ASSIGNMENT:
The records below are to be copied exactly, with every picture left out.

Stored data entries:
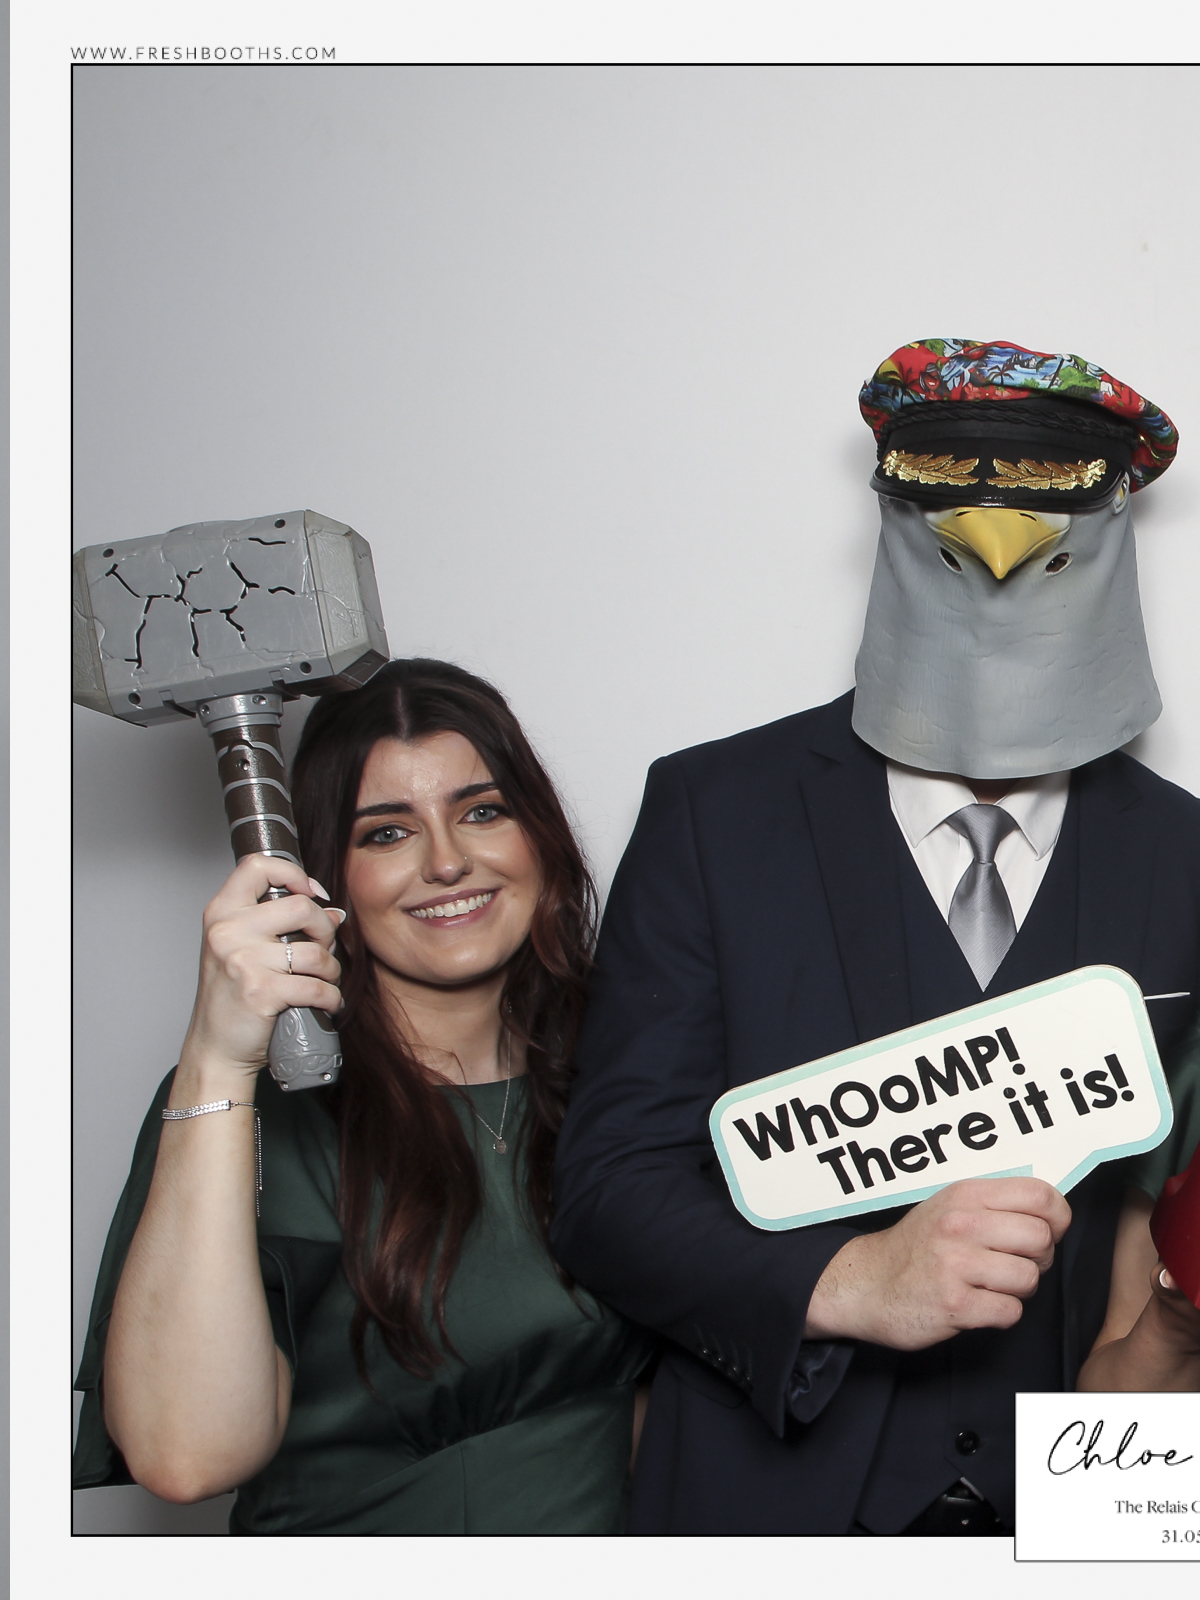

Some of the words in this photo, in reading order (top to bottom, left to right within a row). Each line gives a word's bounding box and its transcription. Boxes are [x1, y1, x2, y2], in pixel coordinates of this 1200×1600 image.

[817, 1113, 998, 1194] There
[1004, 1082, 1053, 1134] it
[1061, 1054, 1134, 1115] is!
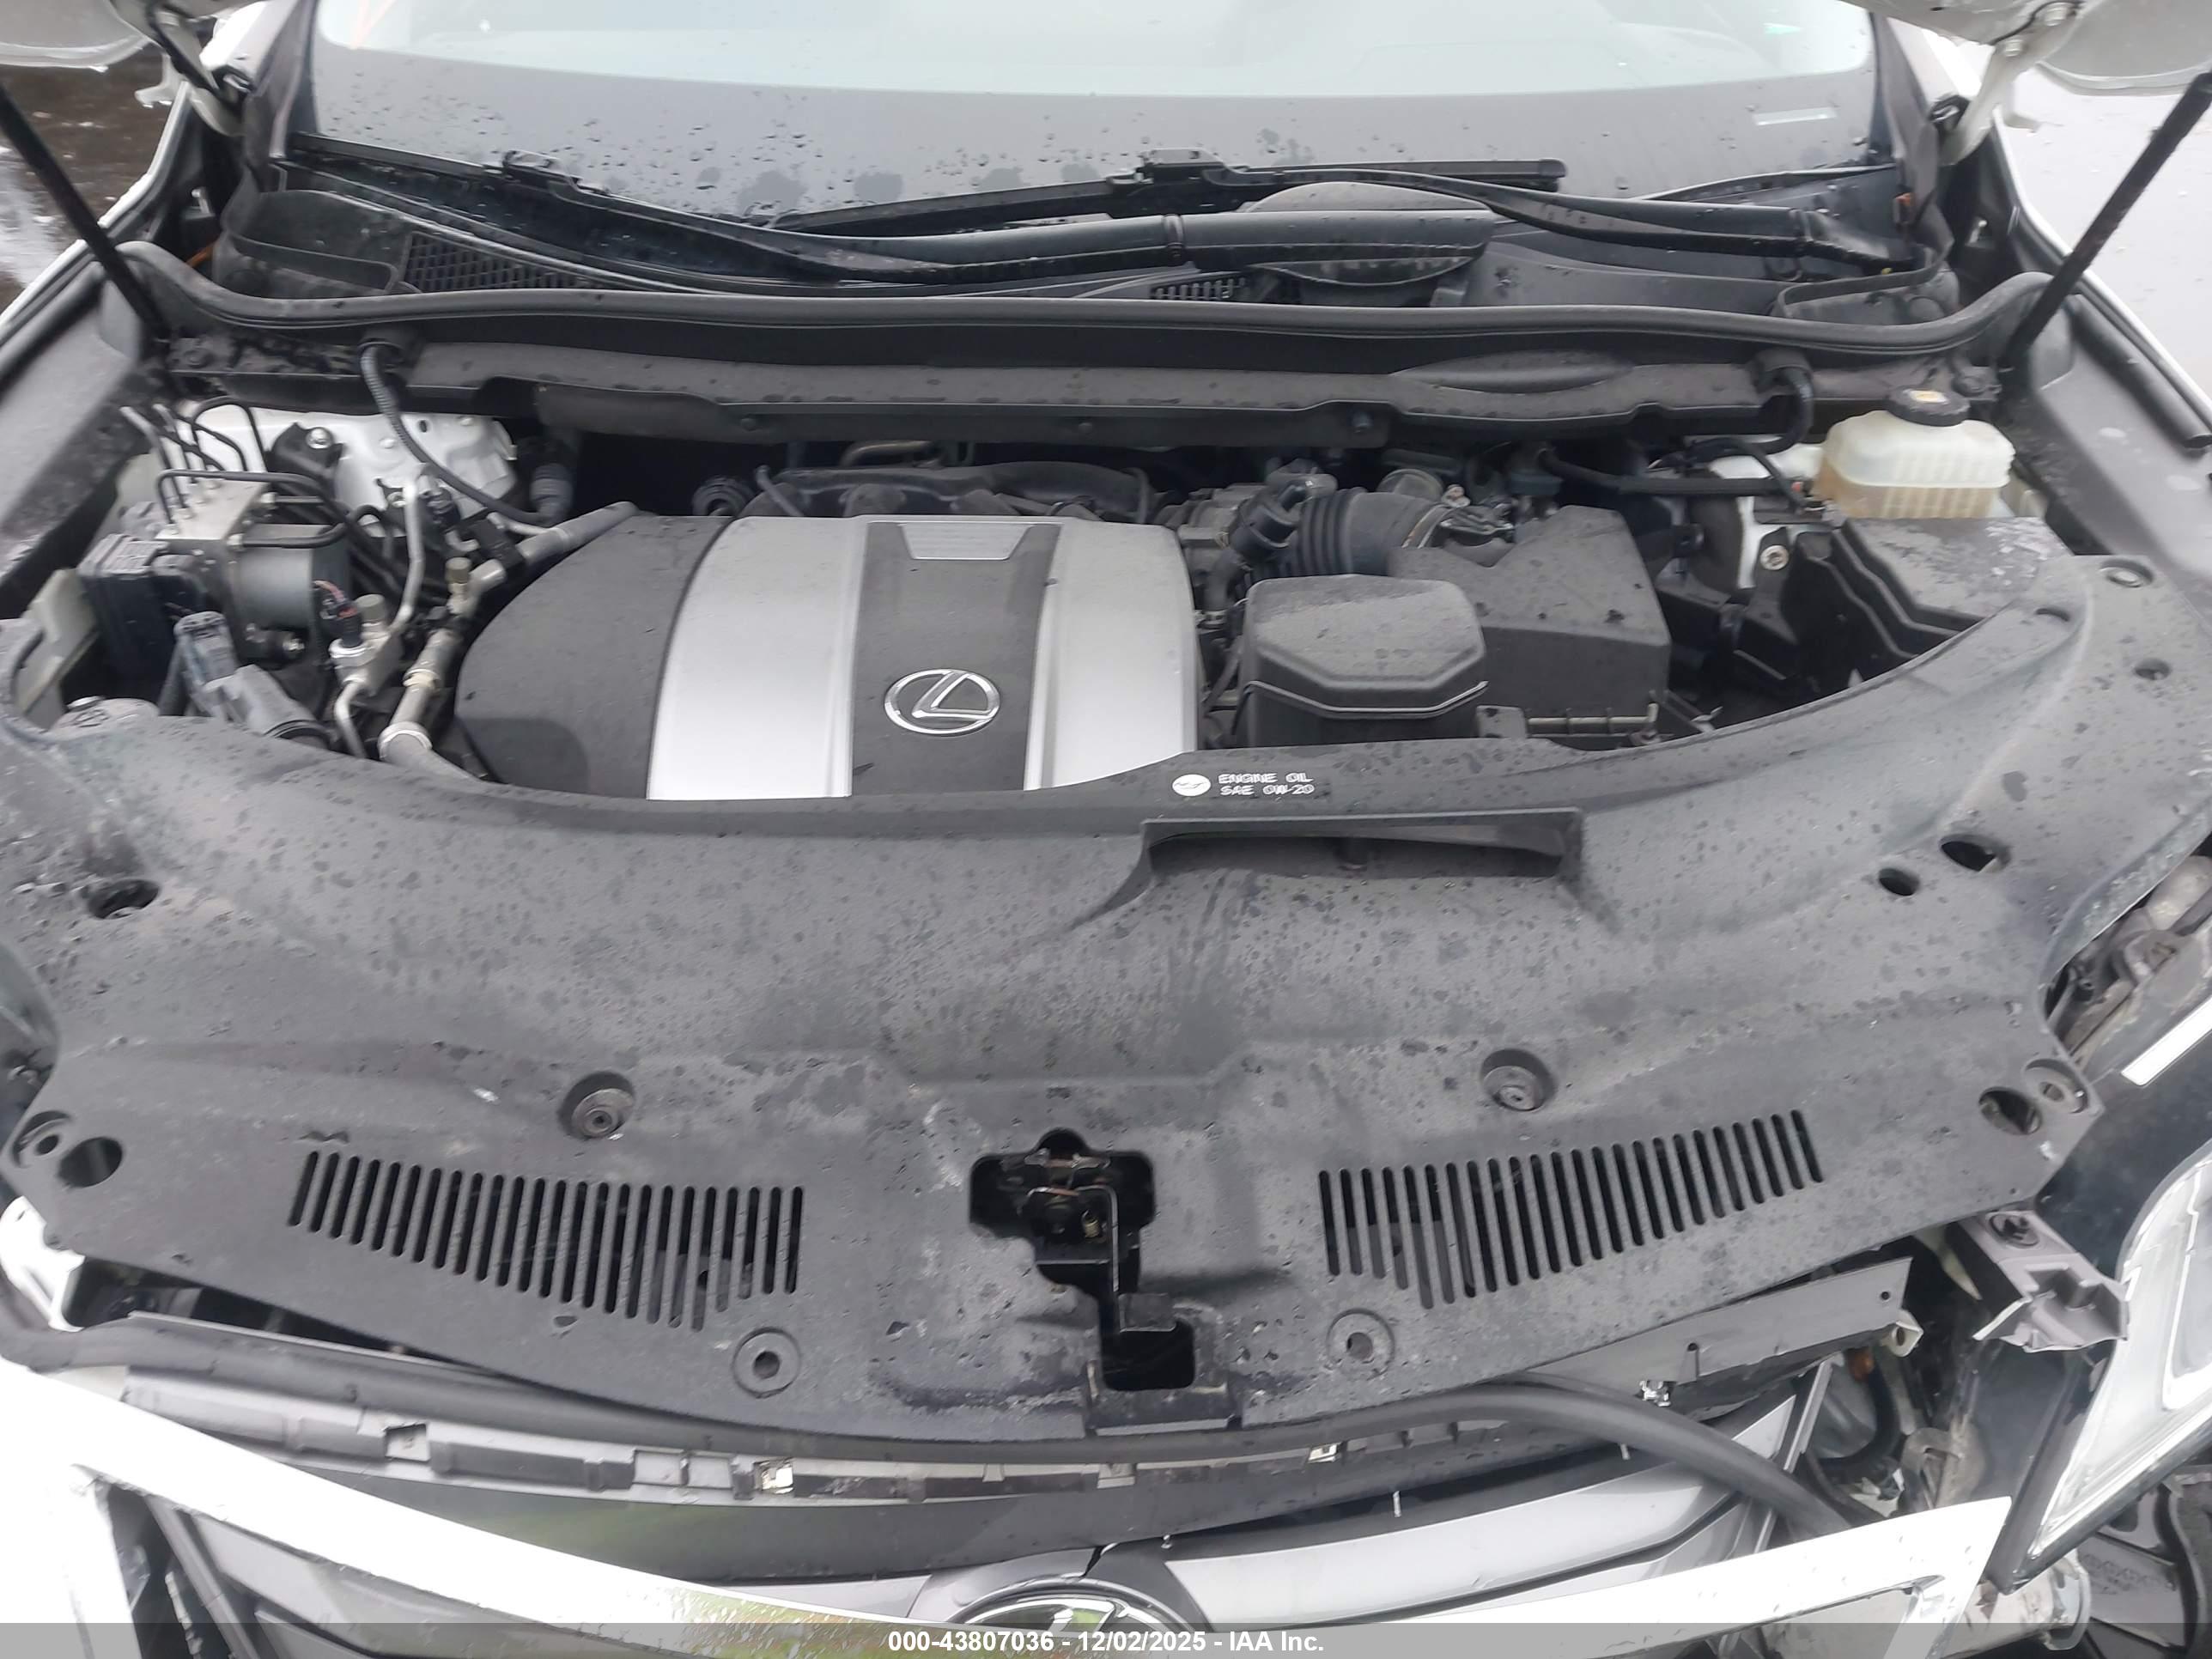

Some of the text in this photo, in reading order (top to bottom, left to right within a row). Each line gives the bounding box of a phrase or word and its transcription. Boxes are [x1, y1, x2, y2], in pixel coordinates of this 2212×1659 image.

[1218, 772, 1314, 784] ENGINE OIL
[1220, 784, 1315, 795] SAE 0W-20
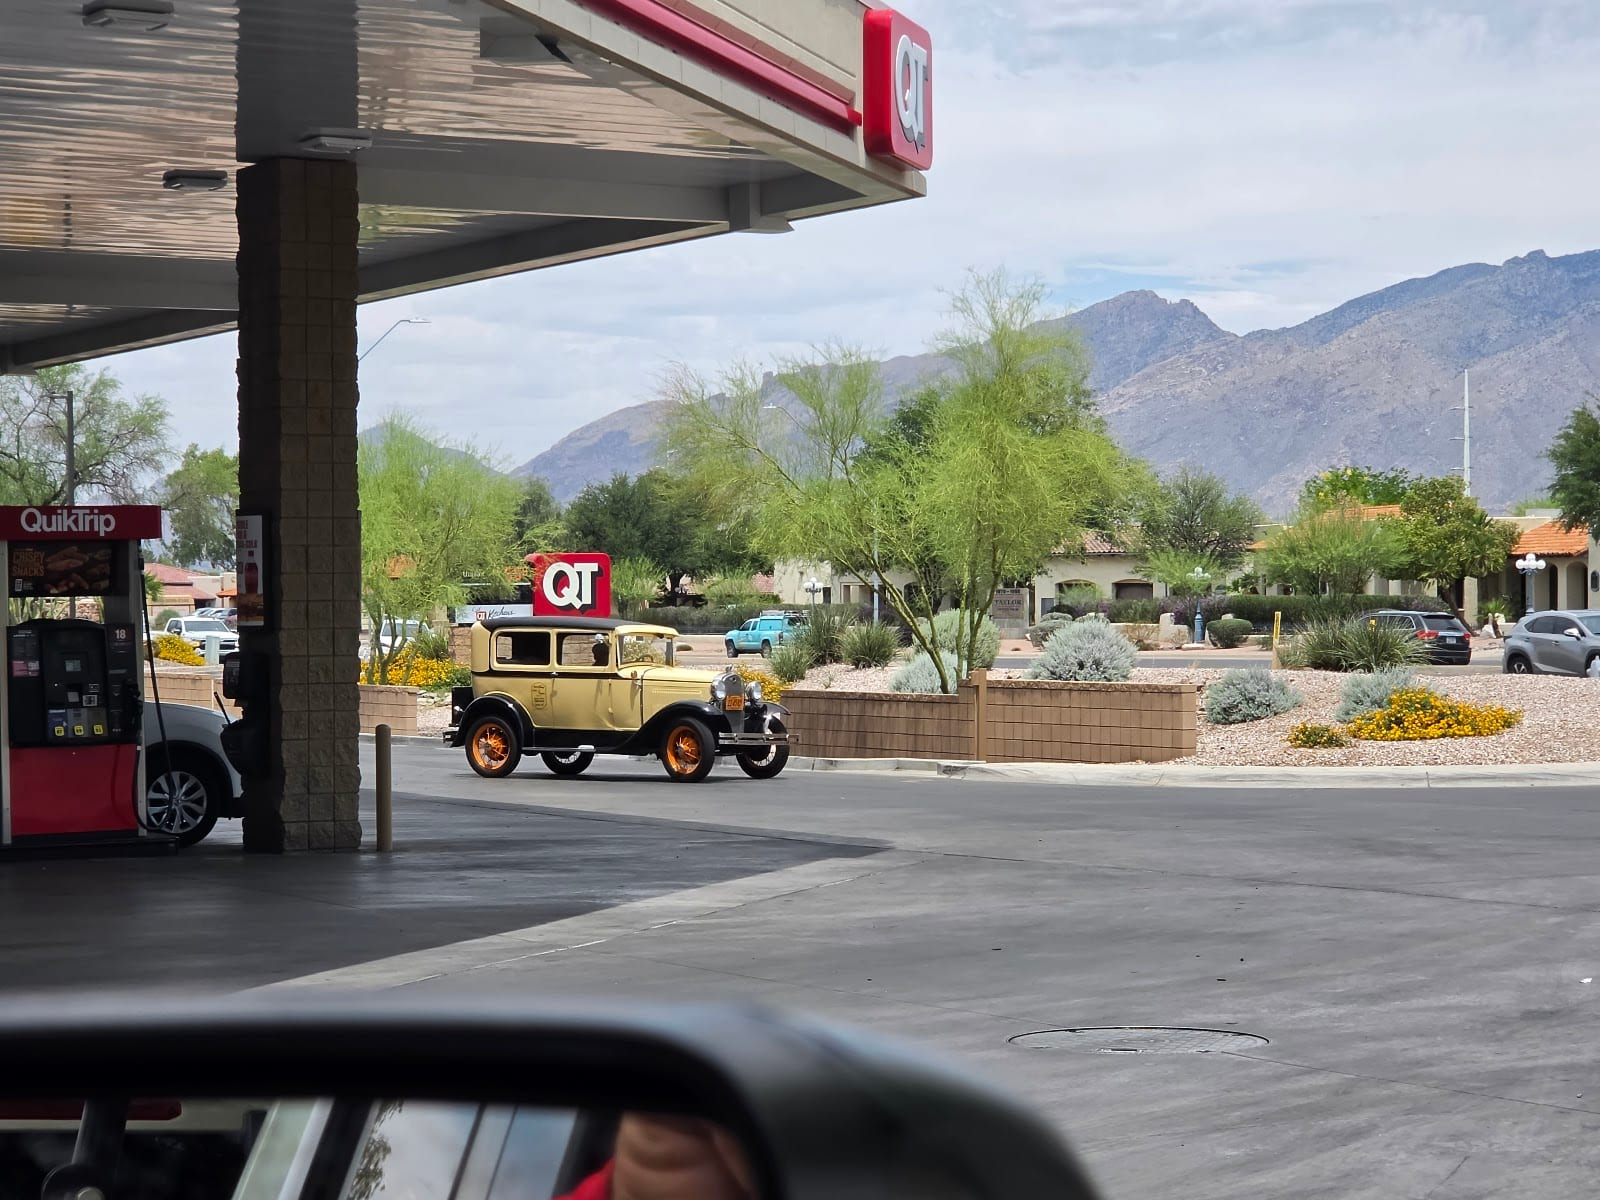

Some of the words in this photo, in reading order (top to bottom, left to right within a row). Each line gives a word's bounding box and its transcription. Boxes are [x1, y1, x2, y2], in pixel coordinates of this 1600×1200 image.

RESULT OF THIS TASK:
Some of the words in this photo, in reading order (top to bottom, left to right within a row). Each line gives a word's bounding box and its transcription. Boxes are [x1, y1, x2, y2], in pixel coordinates of this 1200×1600 image.

[817, 1113, 998, 1194] There
[1004, 1082, 1053, 1134] it
[1061, 1054, 1134, 1115] is!

Some of the text in this photo, in reading order (top to bottom, left to right within a row). Each line gives the bounding box of a phrase or word and its transcription. Boxes are [x1, y1, x2, y2], in pixel coordinates of this 2212×1659 image.

[1218, 772, 1314, 784] ENGINE OIL
[1220, 784, 1315, 795] SAE 0W-20

Some of the words in this photo, in reading order (top to bottom, left to right within a row). Each line gives a word's bounding box and its transcription. Boxes are [x1, y1, x2, y2], in pixel coordinates of this 1600×1200 image.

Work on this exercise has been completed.